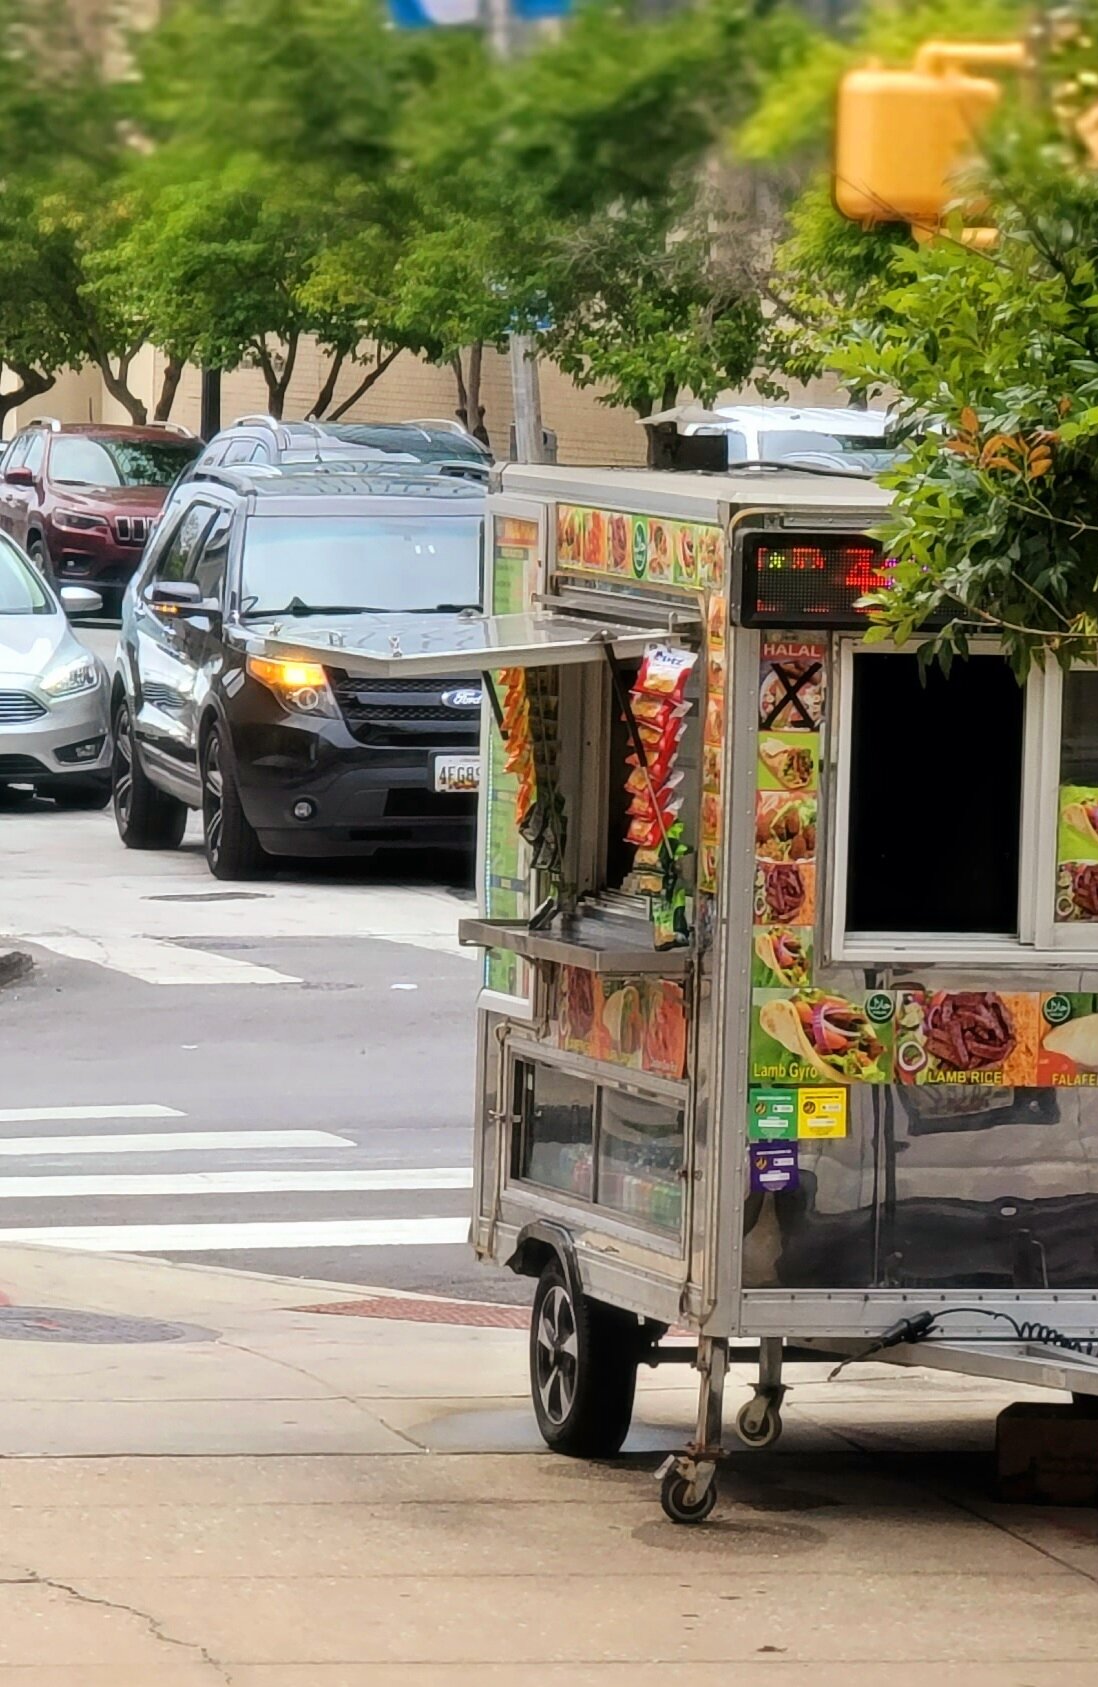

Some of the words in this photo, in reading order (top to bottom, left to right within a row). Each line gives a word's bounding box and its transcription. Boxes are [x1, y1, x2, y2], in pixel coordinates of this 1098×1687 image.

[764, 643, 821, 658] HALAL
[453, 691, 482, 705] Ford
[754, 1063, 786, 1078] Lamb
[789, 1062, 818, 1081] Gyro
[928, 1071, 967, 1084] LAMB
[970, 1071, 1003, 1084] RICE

-*-

Task instructions:
Exactly as they appear above, write out all the entries, without pictures.

Solution to this exercise:
Some of the words in this photo, in reading order (top to bottom, left to right within a row). Each line gives a word's bounding box and its transcription. Boxes are [x1, y1, x2, y2], in pixel coordinates of this 1098×1687 image.

[764, 643, 821, 658] HALAL
[453, 691, 482, 705] Ford
[754, 1063, 786, 1078] Lamb
[789, 1062, 818, 1081] Gyro
[928, 1071, 967, 1084] LAMB
[970, 1071, 1003, 1084] RICE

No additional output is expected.